I’ve always been drawn to the abstract and ambiguous rather than the representational, and many of the photographers I most admire were painters first before they picked up a camera and have a way of seeing that is more particular to the artist than to the documentarian.

My photography projects almost always start out unplanned. They typically develop like this: I go out shooting with nothing in particular in mind, just allowing my eye to be caught by anything that catches it. Sooner or later – and it could be that day, or it might be weeks or months later – I begin to see a theme emerging, perhaps a way of looking, or subjects that have something in common, or that express a feeling. Then I take the theme and run with it, looking more actively for subject matter that fits within it, eventually producing a body of work that hopefully hangs together coherently.
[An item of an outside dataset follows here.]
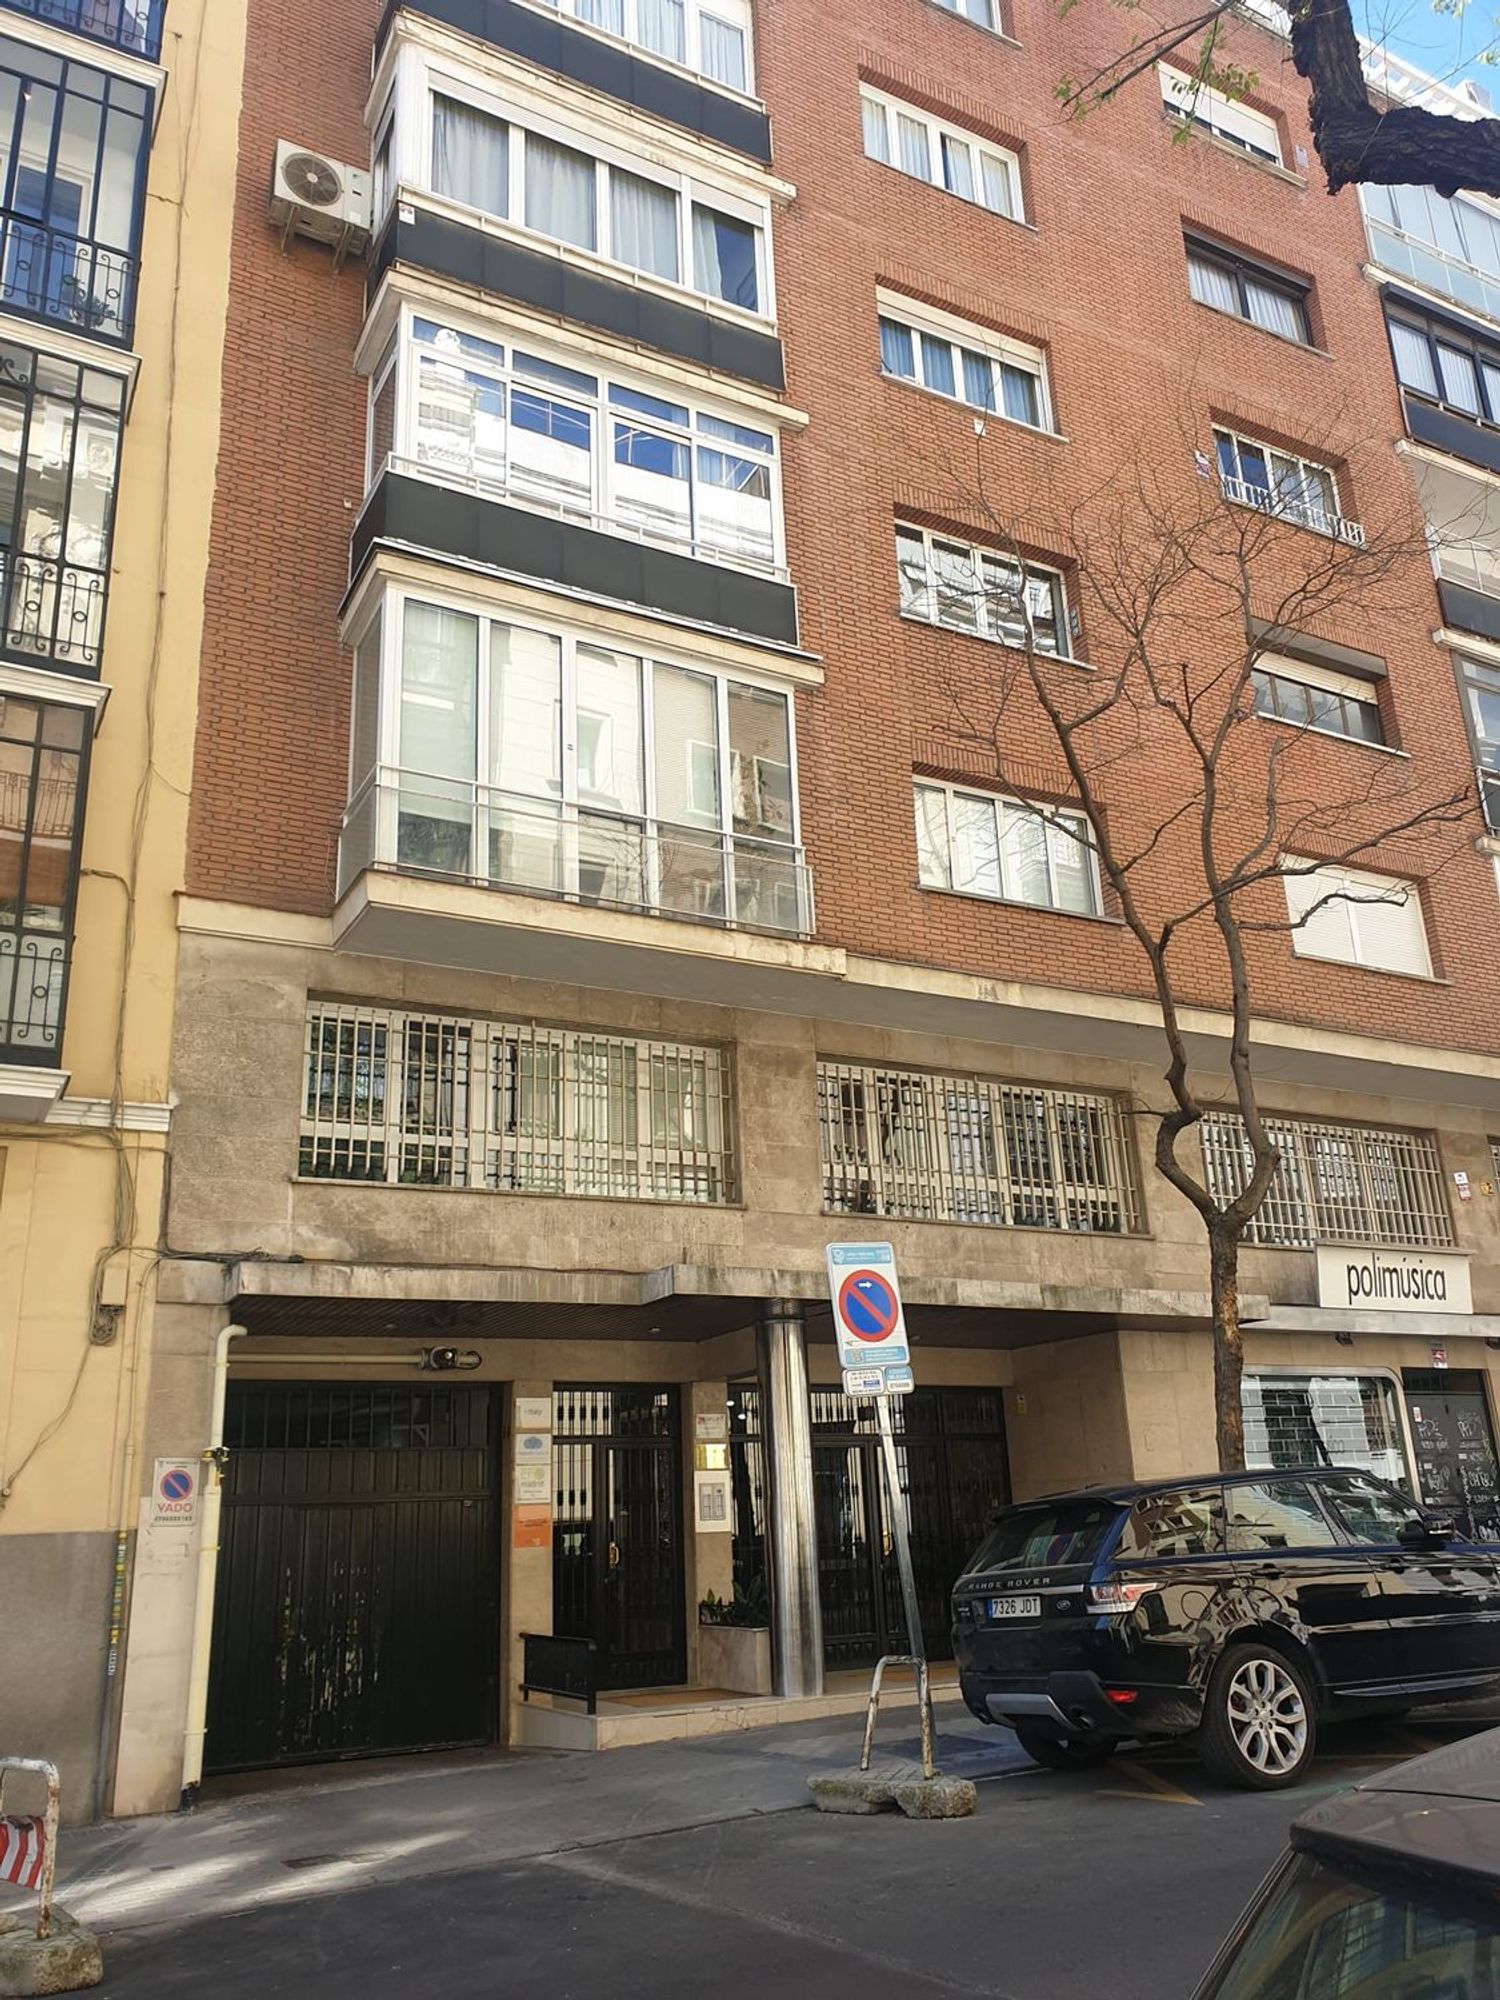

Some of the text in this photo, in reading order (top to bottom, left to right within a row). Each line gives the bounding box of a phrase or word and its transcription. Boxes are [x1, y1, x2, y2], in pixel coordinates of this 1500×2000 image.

I like to photograph things not for what they are, but for what else they are (to paraphrase Minor White). I like the dreamy, the ambiguous, the moody, the spontaneous, the colourful, and the symbolic, and I like to find these in very ordinary places where they often go unnoticed. I don’t own much gear and I’m not very interested in the equipment – the technology is a means to an end and while I do think that much is gained from knowing how to use it, ultimately the power of an image comes from the photographer’s ability to see freshly and clearly.


There are many, many photographers whose work inspires me but here are a few, in no special order, who particularly speak to me. It’s quite a mixed bag, and some are much better known than others, but all of them have elements in their work that I aspire to.  I guarantee you can spend a happy few hours looking at their work.

Ernst Haas
Saul Leiter
Rinko Kawauchi
Ursula Abresch
Steffi Pusch
Lynn Geesaman
Abelardo Morell
Franci Van der vyver
Chris Friel
Susan Burnstine
Andre Kertesz
Michael Orton
Valda Bailey
Jay Maisel
Caroline Fraser
Susan Derges
Vanda Ralevska
Michela Griffith
Doug Chinnery
Rob Hudson









  1. Jane
    March 30, 2015 @ 10:20 pm

    Hello Gilly.
    I found your website through your comment on Joanna Paterson’s beautiful blog. How glad I am that I did! I see you live in Newark now. I was brought up in Lincolnshire, but now live in Australia. I plan to check out the above links to these photographers, but in particular I will be following your blog.
    Bye for now


    • Gilly
      March 31, 2015 @ 7:37 am

      Hi Jane,
      So pleased you came to have a look around, and even more pleased that you like it enough to stay. Thanks for letting me know how you found me, as it’s always useful info. I love Joanna’s blog, too.
      Funny that you grew up nearby, and a pity you’re not here now or we could have met for a coffee. I’ve never been to Australia, although I have an Australian friend who tells me lots about it – it sounds like an amazing place. Going by the pictures on your latest blog post – I’ve just had the quickest of looks – you live in a stunningly beautiful part of it.
      I think you’ll enjoy many of the photographers I’ve linked to – here’s another one that I managed to miss out, but whom is one of my absolute favourites (I’ll add her to the list later): http://www.susanderges.com She’s got one of those irritatingly fancy websites that it’s hard to find your way into, but it’s worth every click when you do.


      • Jane
        April 1, 2015 @ 8:37 am

        Hi Gilly, yes pity about the distance….a coffee would have been good! I took a quick look at your Lincoln posts and felt very homesick.
        I agree with you about Susan Derges website (very modern!) but her photography is indeed captivating. I have got down your list as far as Carmen Tulum, and I couldn’t see any point in going any farther because I was in awe of those flower photos. How I would love to be able to do that! Ursula Abresch has some stunners too.